• TASK INSTRUCTIONS
Beginning with the line that contains "this 1500×1125 image.", output each line below exactly through the last one, both included, and nothing else.

• Saved entries
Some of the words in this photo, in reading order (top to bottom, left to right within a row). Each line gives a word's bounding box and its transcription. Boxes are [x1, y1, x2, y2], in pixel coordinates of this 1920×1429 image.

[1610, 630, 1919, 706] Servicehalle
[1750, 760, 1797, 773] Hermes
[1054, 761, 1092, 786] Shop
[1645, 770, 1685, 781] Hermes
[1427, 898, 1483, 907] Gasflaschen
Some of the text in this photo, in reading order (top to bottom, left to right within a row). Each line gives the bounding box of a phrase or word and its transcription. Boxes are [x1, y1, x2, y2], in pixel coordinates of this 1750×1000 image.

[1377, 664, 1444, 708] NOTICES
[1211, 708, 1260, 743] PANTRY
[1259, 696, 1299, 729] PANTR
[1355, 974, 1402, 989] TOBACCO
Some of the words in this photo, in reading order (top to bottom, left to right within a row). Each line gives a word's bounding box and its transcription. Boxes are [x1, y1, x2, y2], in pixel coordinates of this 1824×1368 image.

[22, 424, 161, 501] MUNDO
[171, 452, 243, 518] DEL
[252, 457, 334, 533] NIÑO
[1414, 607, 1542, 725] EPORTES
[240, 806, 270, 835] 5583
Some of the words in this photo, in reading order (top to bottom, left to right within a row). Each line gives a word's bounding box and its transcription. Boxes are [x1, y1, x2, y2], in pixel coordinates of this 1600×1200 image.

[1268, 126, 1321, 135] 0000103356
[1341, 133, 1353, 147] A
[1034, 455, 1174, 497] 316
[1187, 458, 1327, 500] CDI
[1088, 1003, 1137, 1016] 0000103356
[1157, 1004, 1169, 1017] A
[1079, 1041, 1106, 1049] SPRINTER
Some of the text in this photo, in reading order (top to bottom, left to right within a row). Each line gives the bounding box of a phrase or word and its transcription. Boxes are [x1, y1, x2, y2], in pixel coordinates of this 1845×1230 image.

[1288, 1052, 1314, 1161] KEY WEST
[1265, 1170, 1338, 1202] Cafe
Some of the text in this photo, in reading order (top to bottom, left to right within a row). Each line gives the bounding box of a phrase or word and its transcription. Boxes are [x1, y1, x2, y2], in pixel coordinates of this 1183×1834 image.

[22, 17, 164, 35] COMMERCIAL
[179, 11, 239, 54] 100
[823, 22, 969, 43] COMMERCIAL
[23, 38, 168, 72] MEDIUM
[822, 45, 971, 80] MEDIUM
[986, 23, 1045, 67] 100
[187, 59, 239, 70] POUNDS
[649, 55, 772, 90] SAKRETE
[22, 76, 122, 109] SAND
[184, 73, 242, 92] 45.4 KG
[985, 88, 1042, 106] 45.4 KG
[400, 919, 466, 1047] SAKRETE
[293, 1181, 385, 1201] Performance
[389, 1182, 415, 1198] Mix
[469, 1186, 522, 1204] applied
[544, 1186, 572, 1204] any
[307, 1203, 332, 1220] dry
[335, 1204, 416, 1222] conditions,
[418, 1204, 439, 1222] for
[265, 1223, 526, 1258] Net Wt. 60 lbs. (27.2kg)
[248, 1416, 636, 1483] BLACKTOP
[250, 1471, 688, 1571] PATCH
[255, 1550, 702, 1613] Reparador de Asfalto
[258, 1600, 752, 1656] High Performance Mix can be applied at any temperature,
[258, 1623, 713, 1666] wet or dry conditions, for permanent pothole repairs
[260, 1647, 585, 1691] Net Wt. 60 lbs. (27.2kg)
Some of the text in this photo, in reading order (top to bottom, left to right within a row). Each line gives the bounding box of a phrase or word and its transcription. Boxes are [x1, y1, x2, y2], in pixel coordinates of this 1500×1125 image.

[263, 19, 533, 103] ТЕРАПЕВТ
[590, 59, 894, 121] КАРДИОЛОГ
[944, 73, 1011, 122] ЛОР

• ANSWER TO THE EXERCISE
Some of the text in this photo, in reading order (top to bottom, left to right within a row). Each line gives the bounding box of a phrase or word and its transcription. Boxes are [x1, y1, x2, y2], in pixel coordinates of this 1500×1125 image.

[263, 19, 533, 103] ТЕРАПЕВТ
[590, 59, 894, 121] КАРДИОЛОГ
[944, 73, 1011, 122] ЛОР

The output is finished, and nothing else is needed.